Orvain désigna l’un des bassins libres ou autours se trouvaient six plateaux remplis de poussière sèche, des outils cuivrés, des filets fins, des éponges poreuses, des cuillères torsadées.

L’arpenteur retira sa veste et s’adressa à Elom.

— Ce qu’on fait ici n’a pas de nom précis. On parle de “décrassage phrastique”. Certains disent aussi : tamiser l’oubli.

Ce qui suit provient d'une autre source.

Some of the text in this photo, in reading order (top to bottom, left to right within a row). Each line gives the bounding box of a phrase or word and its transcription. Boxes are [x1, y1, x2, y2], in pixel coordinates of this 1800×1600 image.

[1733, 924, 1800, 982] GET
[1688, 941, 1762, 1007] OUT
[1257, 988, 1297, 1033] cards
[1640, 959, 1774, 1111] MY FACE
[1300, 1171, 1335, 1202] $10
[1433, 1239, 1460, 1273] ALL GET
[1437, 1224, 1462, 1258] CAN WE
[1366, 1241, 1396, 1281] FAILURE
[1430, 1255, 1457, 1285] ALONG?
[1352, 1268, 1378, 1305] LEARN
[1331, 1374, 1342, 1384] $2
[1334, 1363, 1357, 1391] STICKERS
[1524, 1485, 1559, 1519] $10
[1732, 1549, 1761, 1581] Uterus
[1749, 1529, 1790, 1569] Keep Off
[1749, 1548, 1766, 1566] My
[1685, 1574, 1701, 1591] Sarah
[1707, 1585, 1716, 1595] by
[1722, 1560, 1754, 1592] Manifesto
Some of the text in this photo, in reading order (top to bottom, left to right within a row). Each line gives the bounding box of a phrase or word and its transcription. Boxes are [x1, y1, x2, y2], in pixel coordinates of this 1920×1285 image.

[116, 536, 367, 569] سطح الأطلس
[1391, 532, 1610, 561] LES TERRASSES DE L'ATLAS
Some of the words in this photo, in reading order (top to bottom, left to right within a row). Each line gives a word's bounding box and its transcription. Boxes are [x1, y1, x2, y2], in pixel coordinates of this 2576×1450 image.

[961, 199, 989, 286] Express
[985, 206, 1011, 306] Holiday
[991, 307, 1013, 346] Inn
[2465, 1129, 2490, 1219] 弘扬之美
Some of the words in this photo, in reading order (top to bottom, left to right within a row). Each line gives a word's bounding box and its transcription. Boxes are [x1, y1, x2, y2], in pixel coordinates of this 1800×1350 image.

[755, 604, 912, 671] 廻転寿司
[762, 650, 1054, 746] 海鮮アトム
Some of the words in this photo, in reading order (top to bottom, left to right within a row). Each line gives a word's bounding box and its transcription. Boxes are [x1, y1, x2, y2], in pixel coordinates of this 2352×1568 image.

Elom s’agenouilla. Il observa la surface. Rien ne bougeait, et pourtant… quelque chose s’y passait.

— C’est vivant ?

— Non. Mais ça a contenu de la vie, celle du Verbe. Ce bassin reçoit ce que les syntagmes refusent. Ce qui a été formulé, mais pas adopté. Ce qui a été écrit, mais jamais achevé. Ce qui a été nommé et n’a pas tenu.

Il marqua une pause.

— Le Cadastre nomme sans fin. Parfois trop. Parfois mal. Chaque mot non fixé, chaque nom émis sans récepteur, chaque fragment trop faible pour rejoindre les registres descend ici. Attiré comme une encre par une plaque verbale.

— Ils tombent dans les bassins ? , demanda Elom.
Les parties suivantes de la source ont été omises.